Apart from the images, every record here needs to be copied exactly.
Start of Supplied records
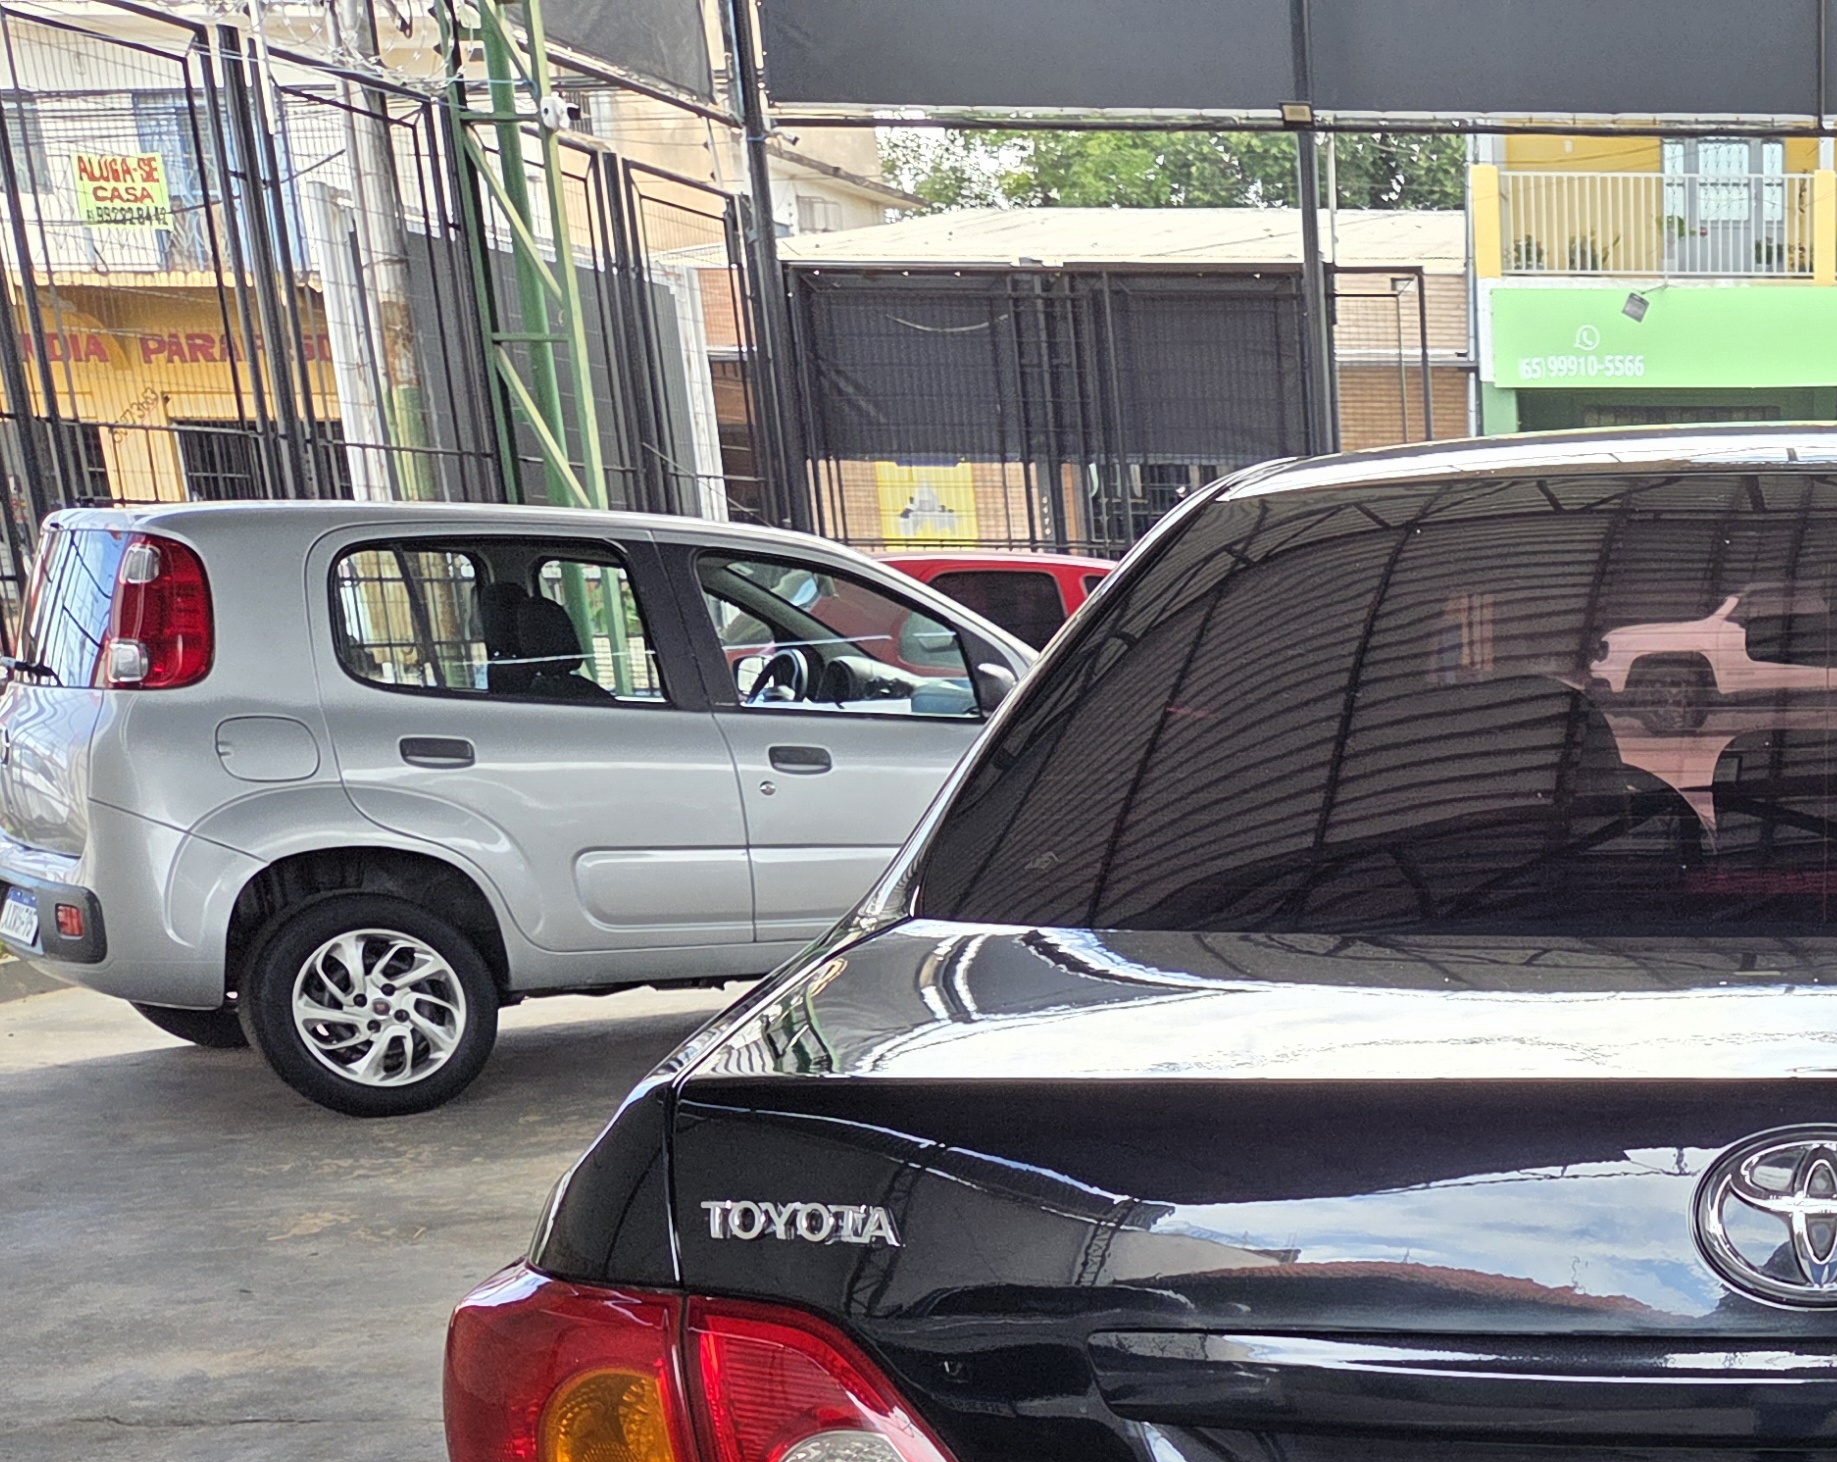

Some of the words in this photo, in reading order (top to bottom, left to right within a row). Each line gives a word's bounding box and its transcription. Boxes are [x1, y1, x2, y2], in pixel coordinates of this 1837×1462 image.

[77, 156, 160, 183] ALUGA-SE
[92, 186, 155, 203] CASA
[1519, 357, 1547, 379] (65)
[1547, 354, 1646, 377] 99910-5566
[700, 1200, 901, 1247] TOYOTA
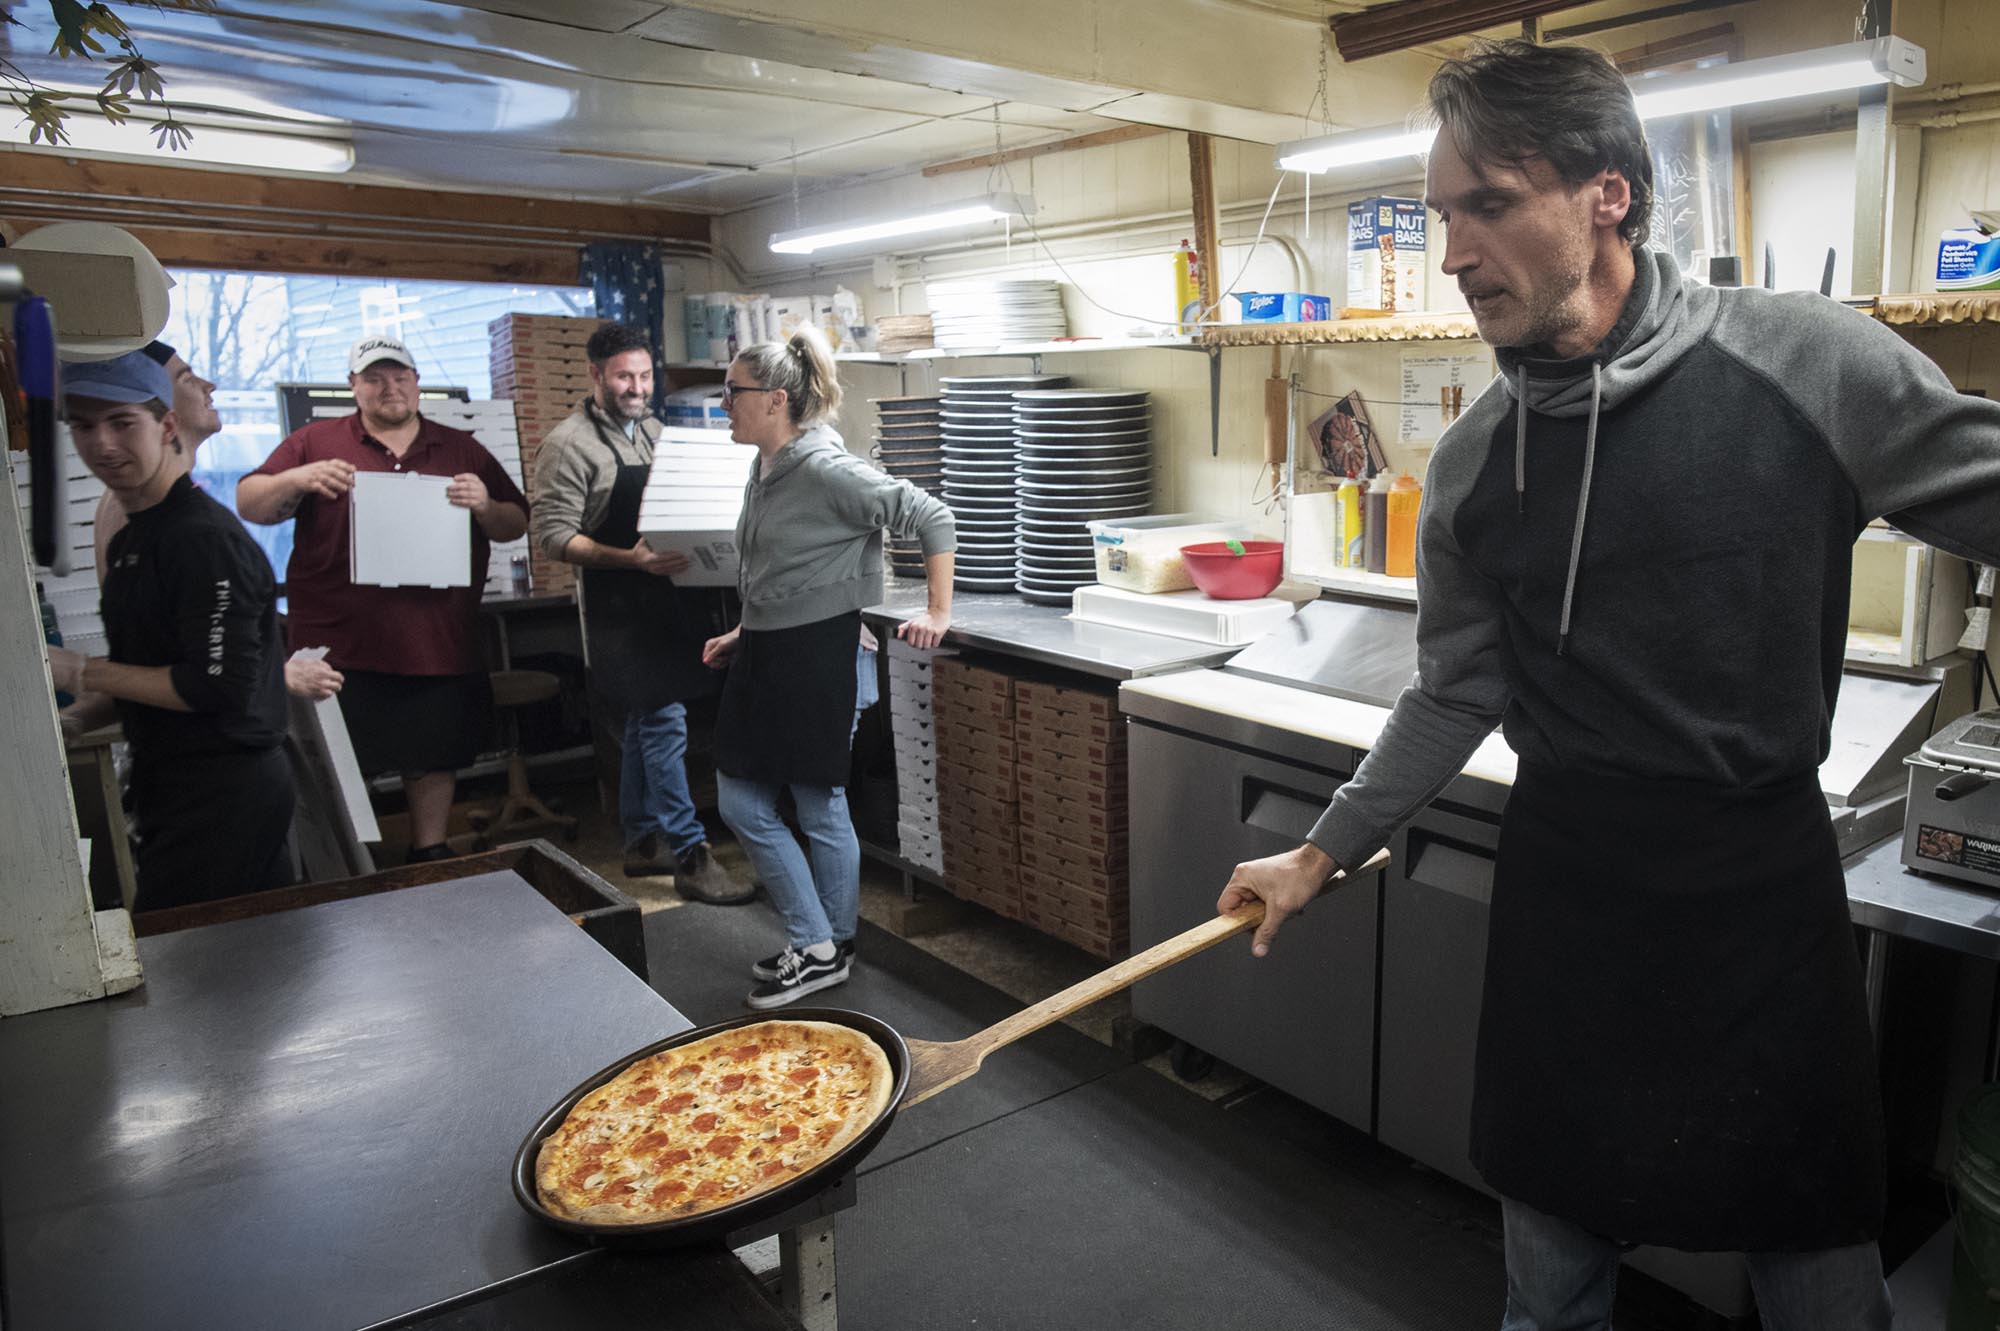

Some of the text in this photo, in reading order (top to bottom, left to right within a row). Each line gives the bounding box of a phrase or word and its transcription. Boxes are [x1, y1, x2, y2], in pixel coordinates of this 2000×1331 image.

[1350, 212, 1374, 228] NUT
[1380, 208, 1391, 219] 30
[1395, 214, 1425, 231] NUT
[1350, 227, 1374, 241] BARS
[1395, 230, 1425, 245] BARS
[1967, 838, 2000, 853] WARING
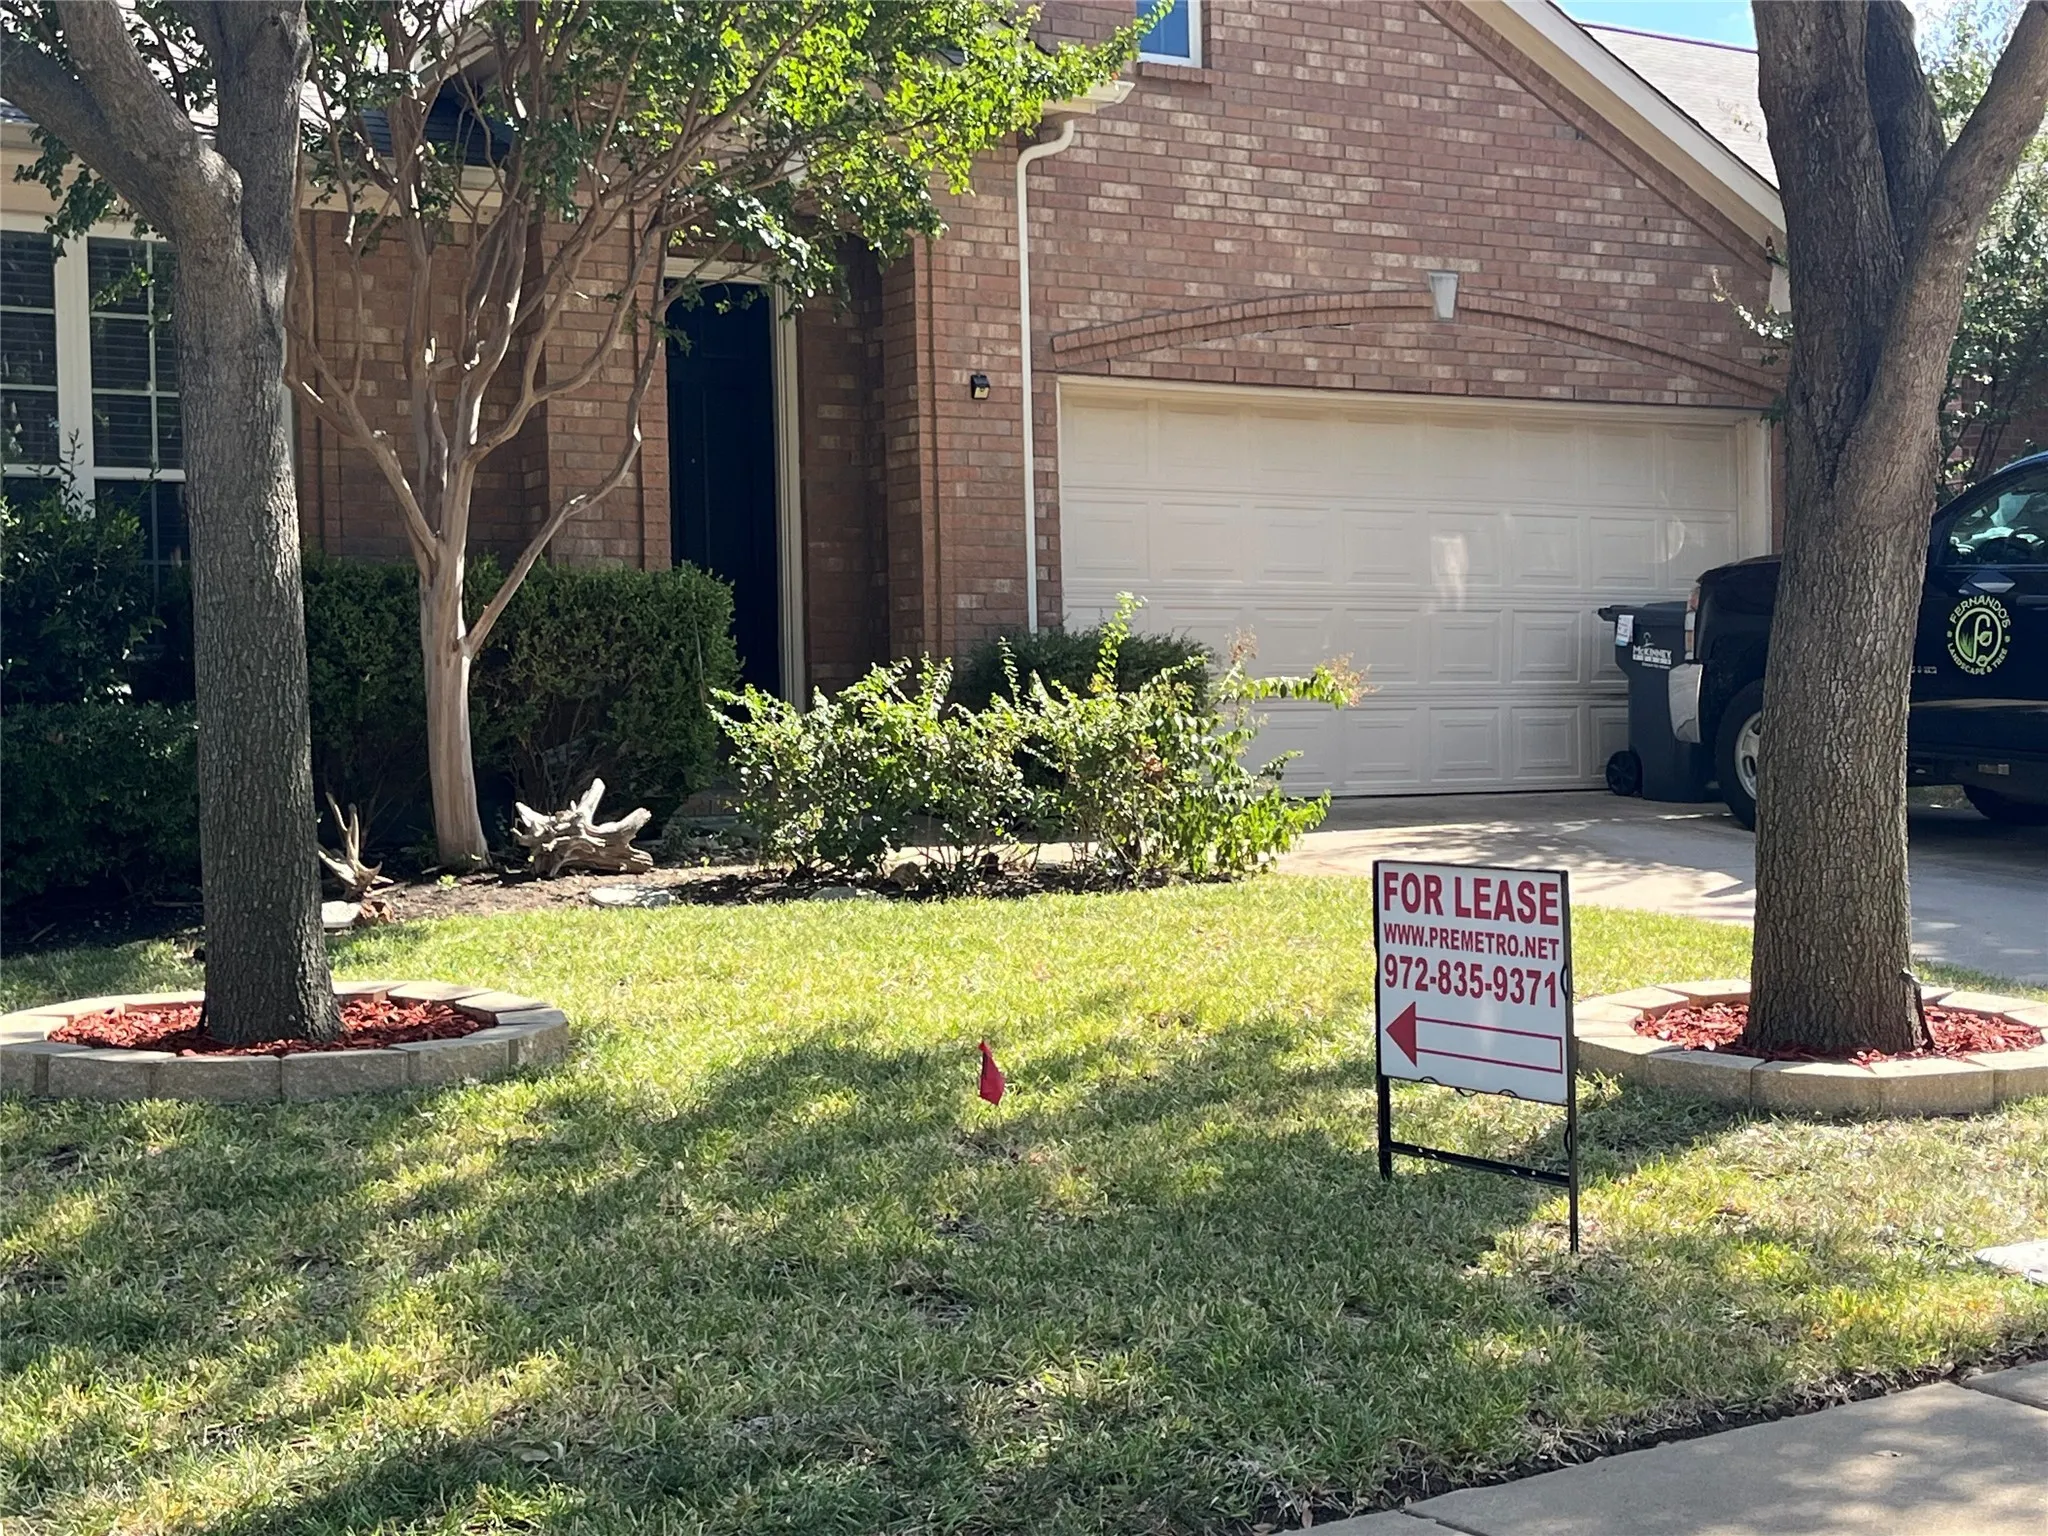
End of Supplied records
# [Answer below]
Some of the words in this photo, in reading order (top to bottom, left to right within a row). Each line gives a word's bounding box and its transcription. Boxes are [x1, y1, x2, y2], in pixel coordinates of this 1837×1462 image.

[77, 156, 160, 183] ALUGA-SE
[92, 186, 155, 203] CASA
[1519, 357, 1547, 379] (65)
[1547, 354, 1646, 377] 99910-5566
[700, 1200, 901, 1247] TOYOTA

Some of the text in this photo, in reading order (top to bottom, left to right within a row). Each line gives the bounding box of a phrase or word and its transcription. Boxes are [x1, y1, x2, y2], in pixel coordinates of this 2000×1331 image.

[1350, 212, 1374, 228] NUT
[1380, 208, 1391, 219] 30
[1395, 214, 1425, 231] NUT
[1350, 227, 1374, 241] BARS
[1395, 230, 1425, 245] BARS
[1967, 838, 2000, 853] WARING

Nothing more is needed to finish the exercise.